Source data:
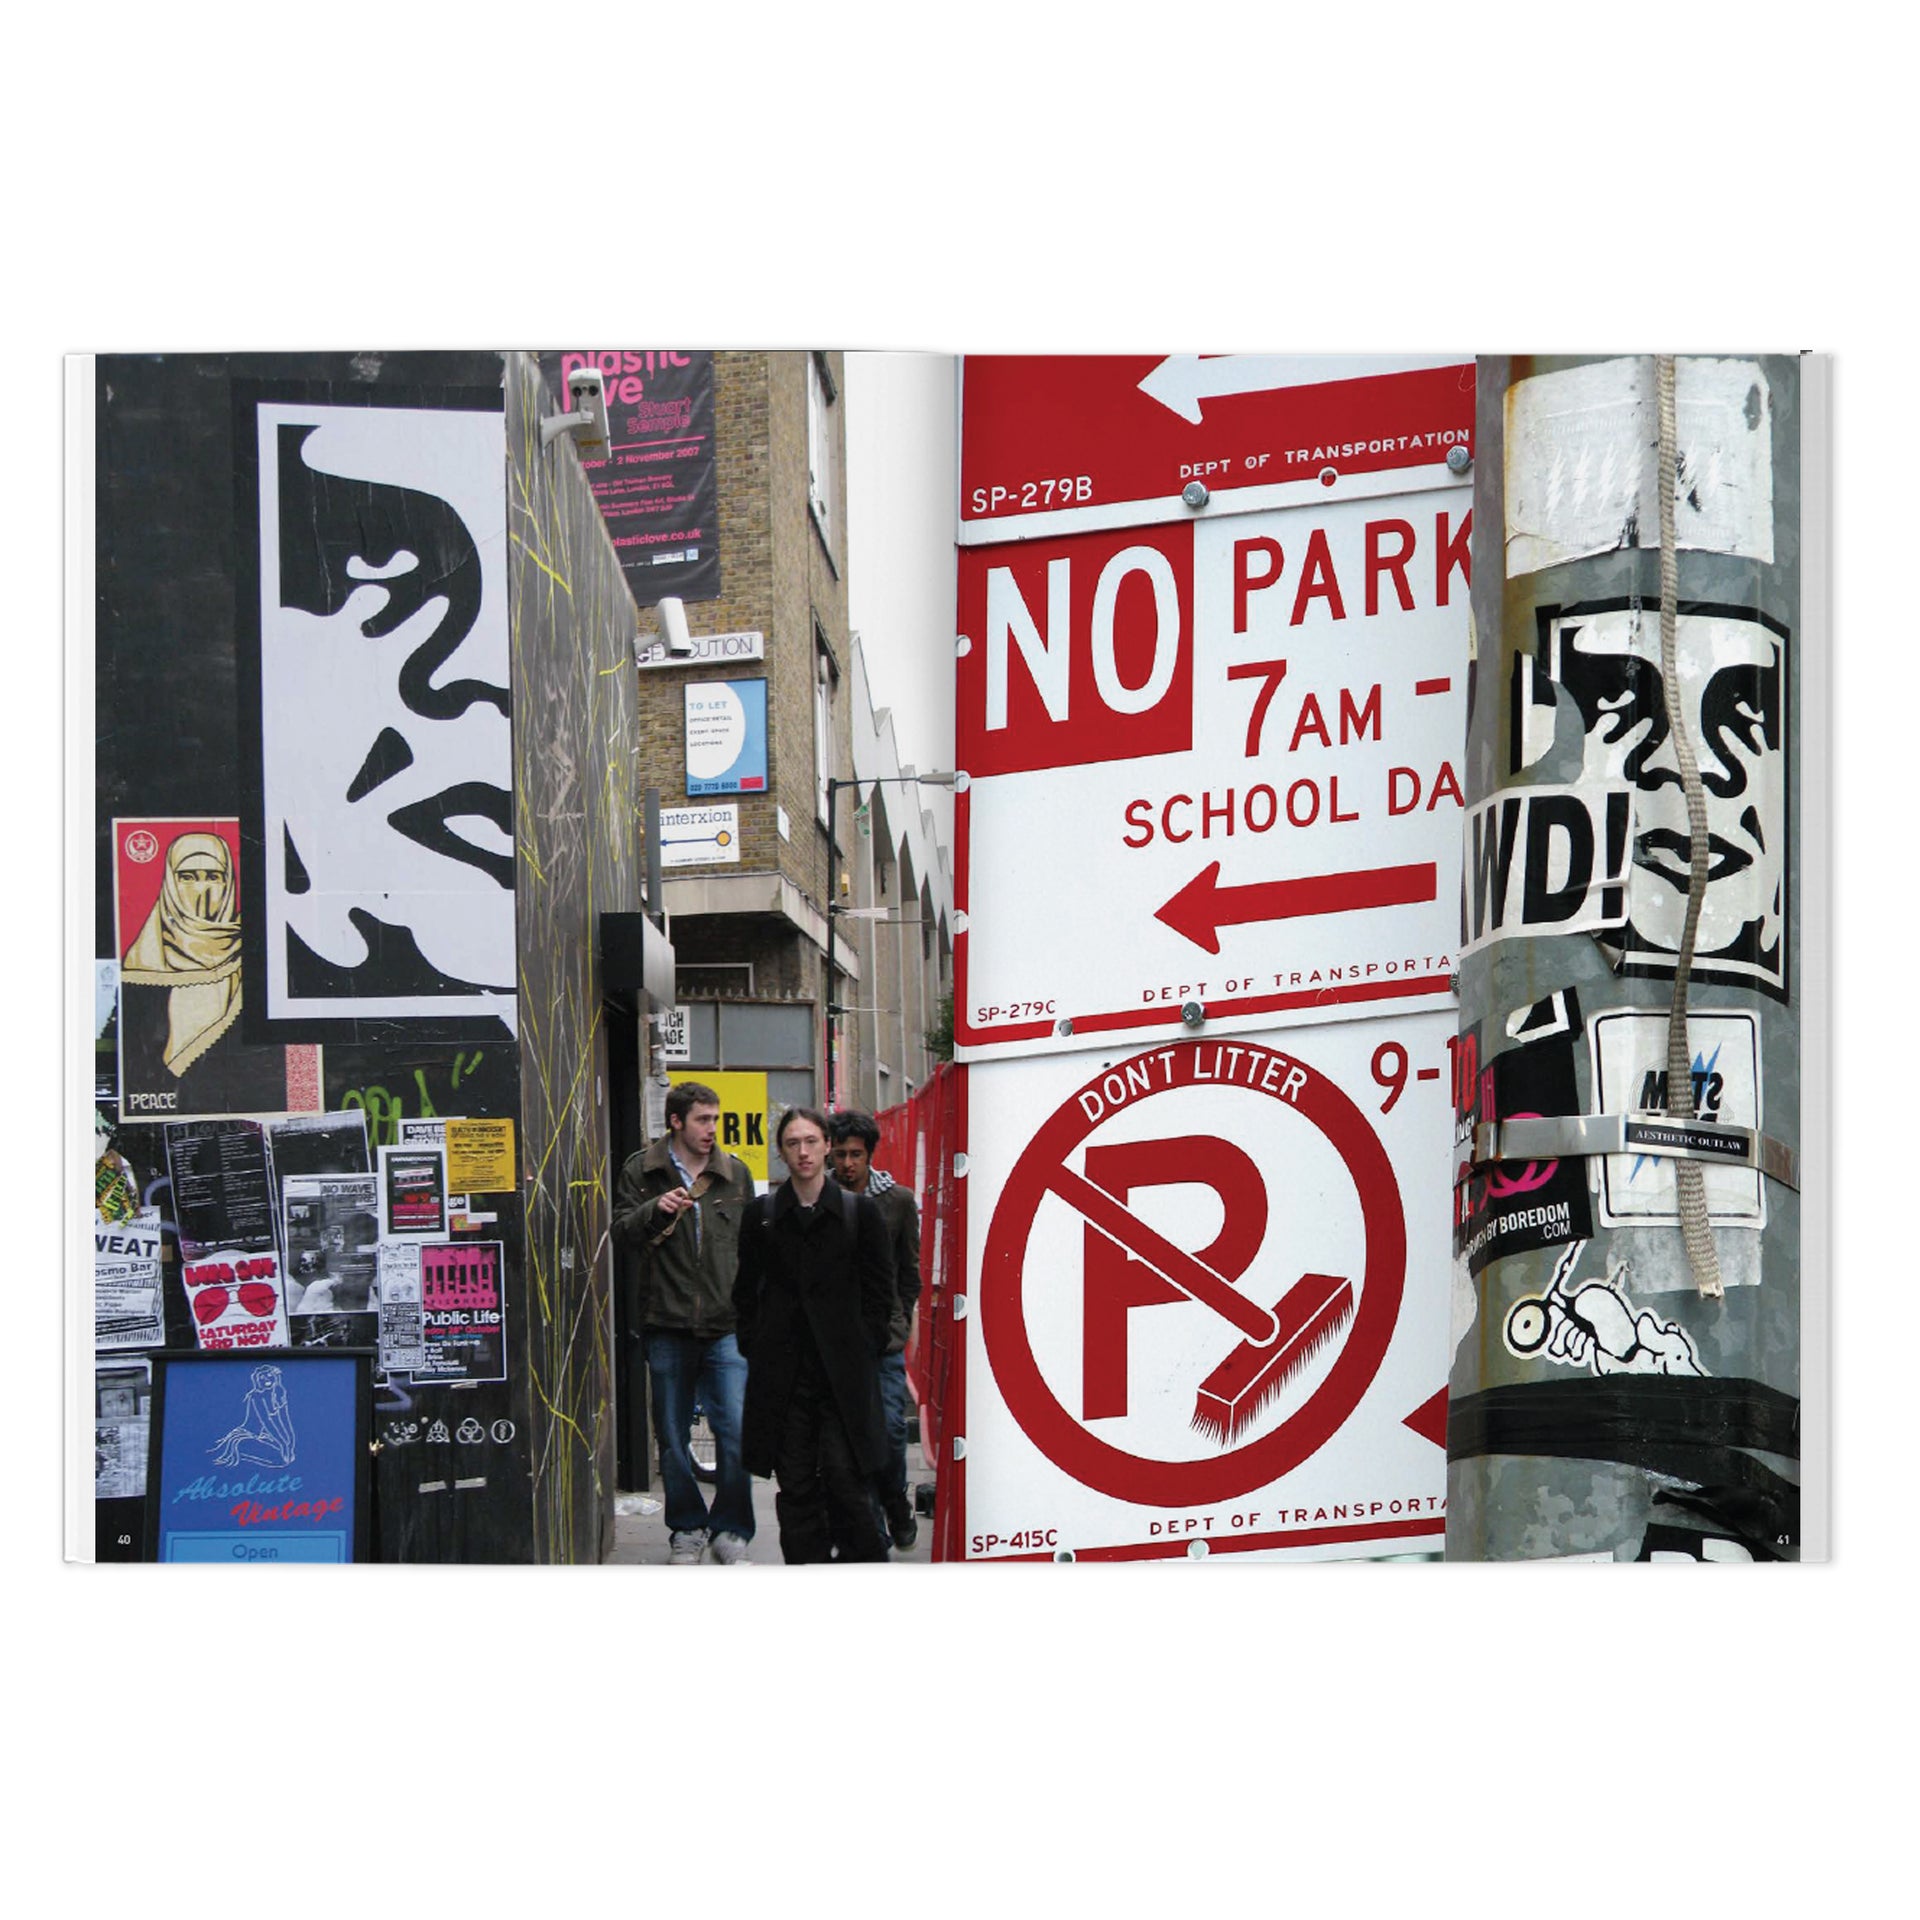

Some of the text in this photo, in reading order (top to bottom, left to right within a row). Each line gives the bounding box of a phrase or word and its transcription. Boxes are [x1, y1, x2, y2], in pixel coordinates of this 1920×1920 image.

[617, 456, 624, 465] 2
[626, 450, 675, 464] November
[676, 446, 700, 459] 2007
[1179, 429, 1470, 479] DEPT OF TRANSPORTATION
[972, 476, 1093, 513] SP-279B
[985, 508, 1473, 732] NO PARK
[689, 701, 728, 711] TO LET
[1123, 761, 1465, 849] SCHOOL DA
[1142, 955, 1452, 1003] DEPT OF TRANSPORTA
[977, 1000, 1056, 1023] SP-279C
[1077, 1046, 1309, 1123] DON'T LITTER
[130, 1094, 176, 1110] PEACE
[722, 1112, 764, 1146] RK
[1636, 1130, 1742, 1150] AESTHETIC OUTLAW
[341, 1183, 373, 1194] WAVE
[1487, 1218, 1498, 1241] BY
[1499, 1201, 1570, 1235] BOREDOM
[131, 1262, 152, 1273] Bar
[423, 1309, 500, 1325] Public Life
[199, 1320, 278, 1340] SATURDAY
[237, 1333, 271, 1347] NOV
[172, 1473, 303, 1504] Absolute
[230, 1497, 344, 1526] Vintage
[1150, 1517, 1213, 1537] DEPT
[1231, 1512, 1262, 1529] OF
[117, 1535, 131, 1545] 40
[972, 1529, 1058, 1554] SP-415C
[1776, 1533, 1790, 1545] 41
[232, 1544, 278, 1561] Open

Exercise description:
Leaving the pictures aside, give back all the records exactly as they are.

Output:
Some of the text in this photo, in reading order (top to bottom, left to right within a row). Each line gives the bounding box of a phrase or word and its transcription. Boxes are [x1, y1, x2, y2], in pixel coordinates of this 1920×1920 image.

[617, 456, 624, 465] 2
[626, 450, 675, 464] November
[676, 446, 700, 459] 2007
[1179, 429, 1470, 479] DEPT OF TRANSPORTATION
[972, 476, 1093, 513] SP-279B
[985, 508, 1473, 732] NO PARK
[689, 701, 728, 711] TO LET
[1123, 761, 1465, 849] SCHOOL DA
[1142, 955, 1452, 1003] DEPT OF TRANSPORTA
[977, 1000, 1056, 1023] SP-279C
[1077, 1046, 1309, 1123] DON'T LITTER
[130, 1094, 176, 1110] PEACE
[722, 1112, 764, 1146] RK
[1636, 1130, 1742, 1150] AESTHETIC OUTLAW
[341, 1183, 373, 1194] WAVE
[1487, 1218, 1498, 1241] BY
[1499, 1201, 1570, 1235] BOREDOM
[131, 1262, 152, 1273] Bar
[423, 1309, 500, 1325] Public Life
[199, 1320, 278, 1340] SATURDAY
[237, 1333, 271, 1347] NOV
[172, 1473, 303, 1504] Absolute
[230, 1497, 344, 1526] Vintage
[1150, 1517, 1213, 1537] DEPT
[1231, 1512, 1262, 1529] OF
[117, 1535, 131, 1545] 40
[972, 1529, 1058, 1554] SP-415C
[1776, 1533, 1790, 1545] 41
[232, 1544, 278, 1561] Open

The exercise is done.